Free-text object descriptions
..........

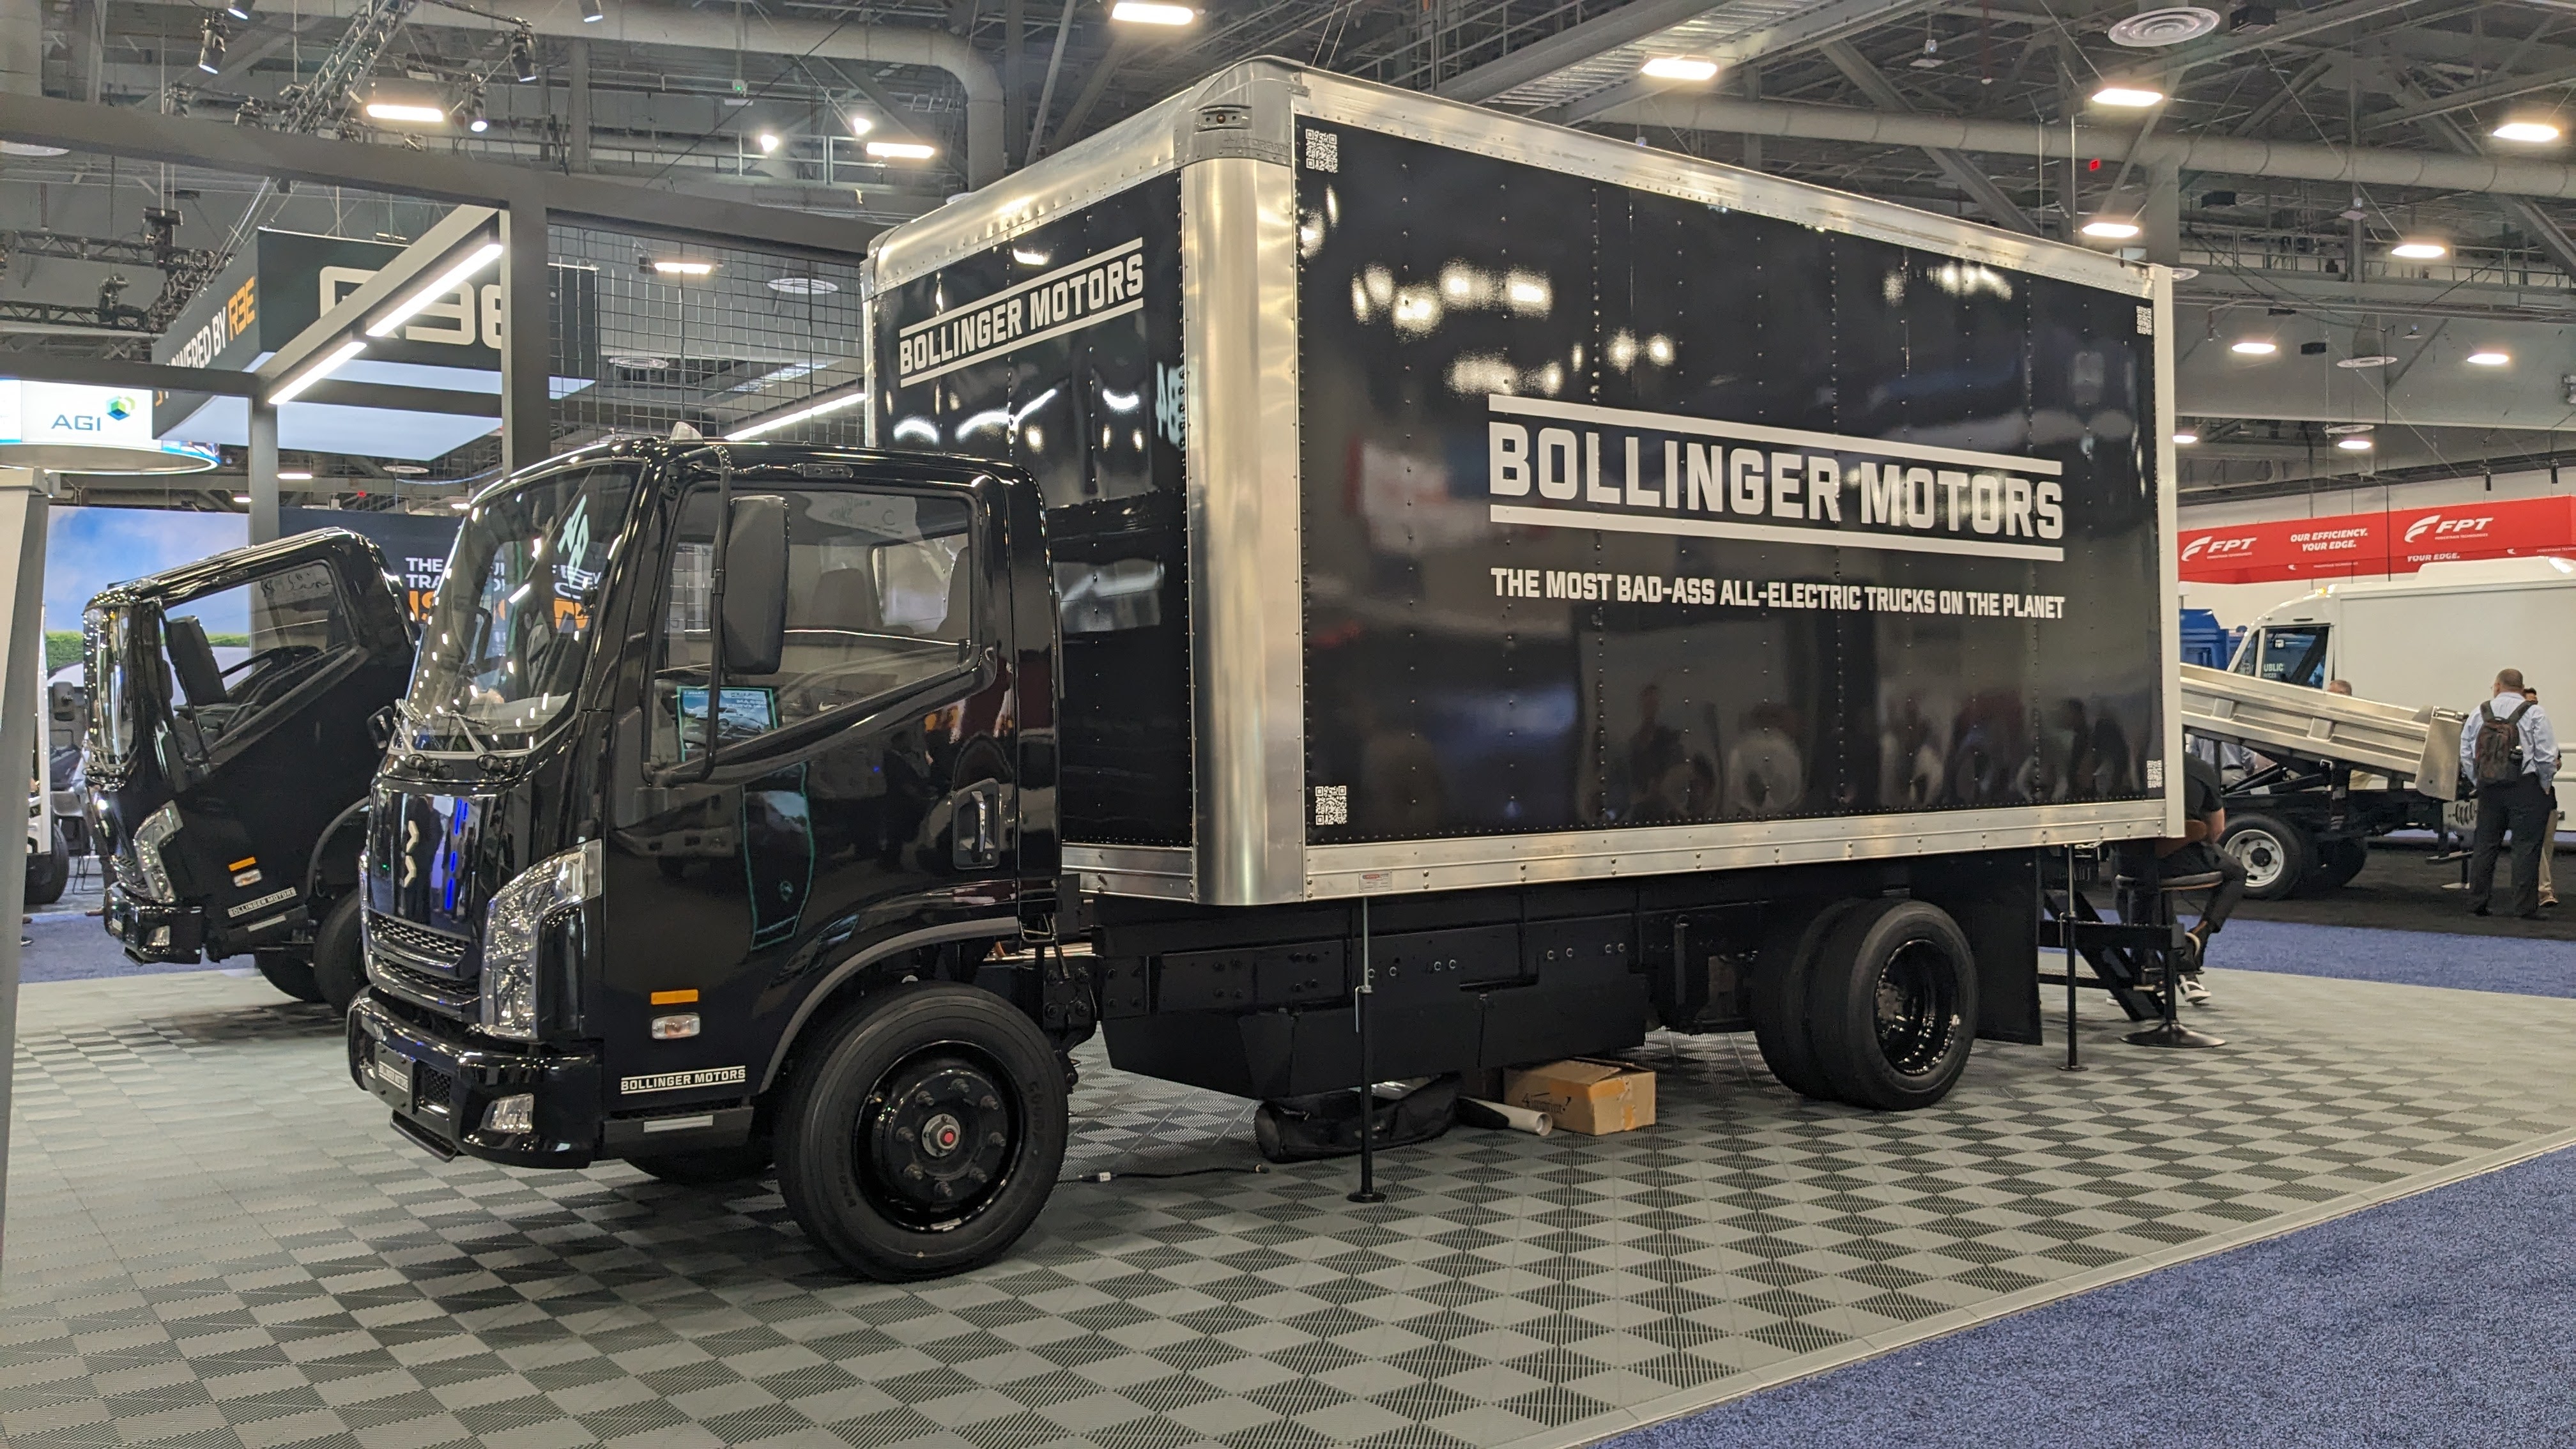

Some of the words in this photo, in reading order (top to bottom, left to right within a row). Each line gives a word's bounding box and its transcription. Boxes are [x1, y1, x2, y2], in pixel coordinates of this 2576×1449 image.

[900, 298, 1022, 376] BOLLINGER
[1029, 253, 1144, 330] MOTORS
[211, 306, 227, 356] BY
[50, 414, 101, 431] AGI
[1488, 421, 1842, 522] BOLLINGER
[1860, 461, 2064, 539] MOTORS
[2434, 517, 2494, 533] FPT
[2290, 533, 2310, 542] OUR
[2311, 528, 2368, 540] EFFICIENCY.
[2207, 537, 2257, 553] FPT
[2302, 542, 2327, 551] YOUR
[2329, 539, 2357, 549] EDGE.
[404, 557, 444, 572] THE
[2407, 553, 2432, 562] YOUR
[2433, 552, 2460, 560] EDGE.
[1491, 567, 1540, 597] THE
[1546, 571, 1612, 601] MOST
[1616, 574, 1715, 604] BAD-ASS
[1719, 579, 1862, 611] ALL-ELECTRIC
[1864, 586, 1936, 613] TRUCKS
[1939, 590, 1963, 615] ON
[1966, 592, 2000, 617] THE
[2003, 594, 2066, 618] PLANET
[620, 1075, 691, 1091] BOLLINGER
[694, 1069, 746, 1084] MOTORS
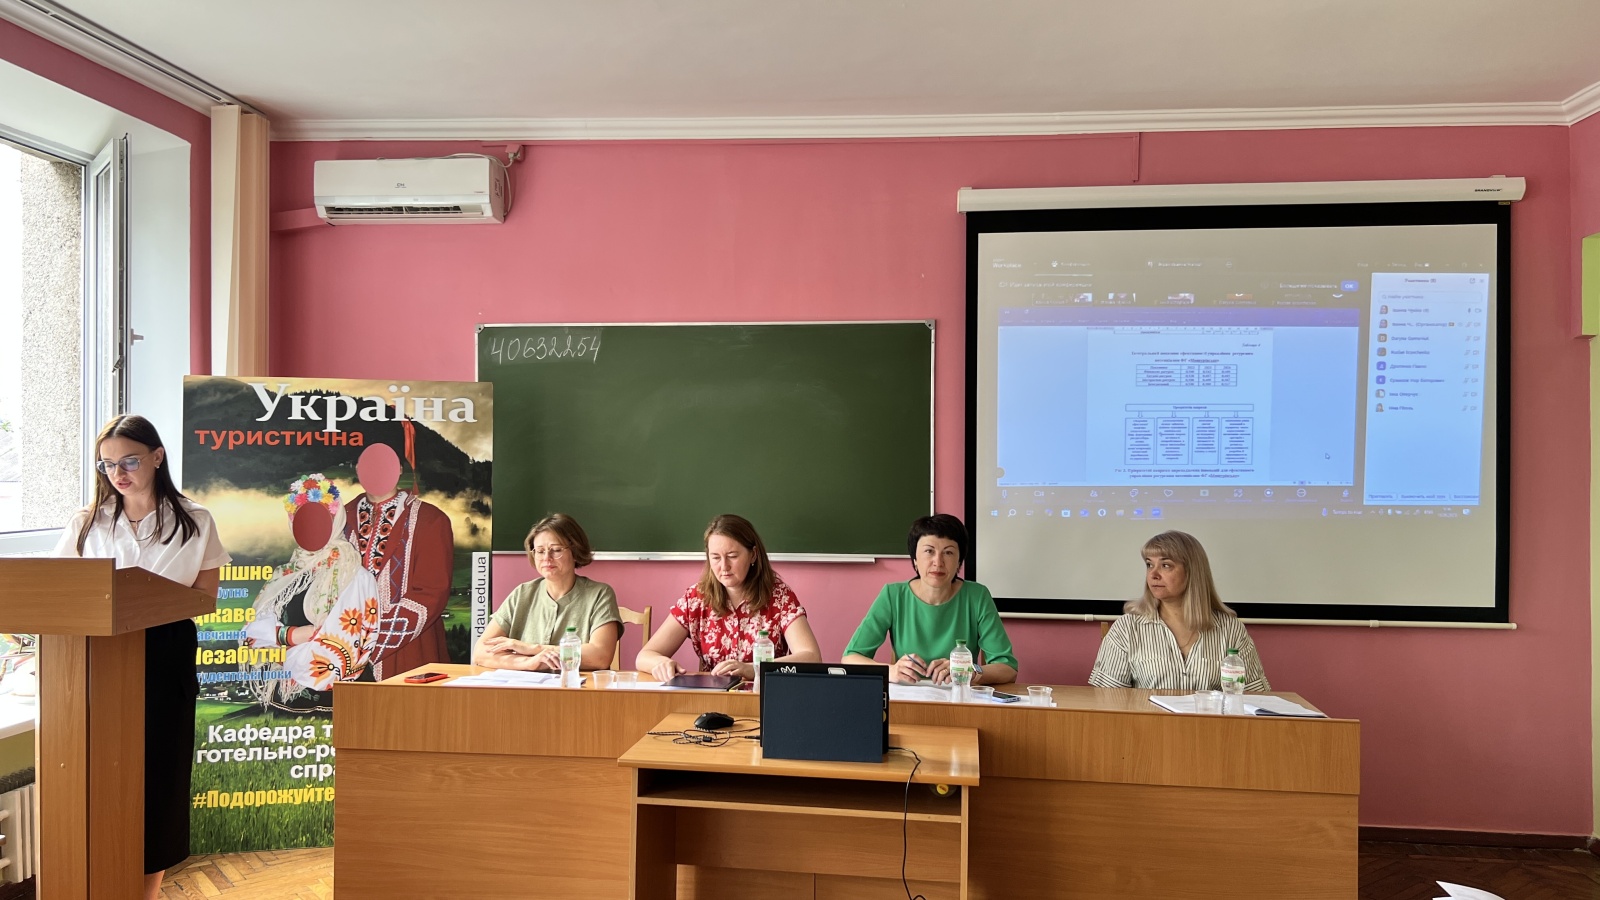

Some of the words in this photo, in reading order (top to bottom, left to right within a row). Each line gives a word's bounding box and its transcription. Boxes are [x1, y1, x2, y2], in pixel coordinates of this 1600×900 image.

..........

■ Your assignment
In your copy, include every record word for word but no pictures.

■ Response
Some of the words in this photo, in reading order (top to bottom, left to right within a row). Each line gives a word's bounding box and its transcription. Boxes are [x1, y1, x2, y2], in pixel coordinates of this 2576×1449 image.

[900, 298, 1022, 376] BOLLINGER
[1029, 253, 1144, 330] MOTORS
[211, 306, 227, 356] BY
[50, 414, 101, 431] AGI
[1488, 421, 1842, 522] BOLLINGER
[1860, 461, 2064, 539] MOTORS
[2434, 517, 2494, 533] FPT
[2290, 533, 2310, 542] OUR
[2311, 528, 2368, 540] EFFICIENCY.
[2207, 537, 2257, 553] FPT
[2302, 542, 2327, 551] YOUR
[2329, 539, 2357, 549] EDGE.
[404, 557, 444, 572] THE
[2407, 553, 2432, 562] YOUR
[2433, 552, 2460, 560] EDGE.
[1491, 567, 1540, 597] THE
[1546, 571, 1612, 601] MOST
[1616, 574, 1715, 604] BAD-ASS
[1719, 579, 1862, 611] ALL-ELECTRIC
[1864, 586, 1936, 613] TRUCKS
[1939, 590, 1963, 615] ON
[1966, 592, 2000, 617] THE
[2003, 594, 2066, 618] PLANET
[620, 1075, 691, 1091] BOLLINGER
[694, 1069, 746, 1084] MOTORS

Some of the words in this photo, in reading order (top to bottom, left to right within a row). Each line gives a word's bounding box and its transcription. Boxes are [x1, y1, x2, y2], in pixel coordinates of this 1600×900 image.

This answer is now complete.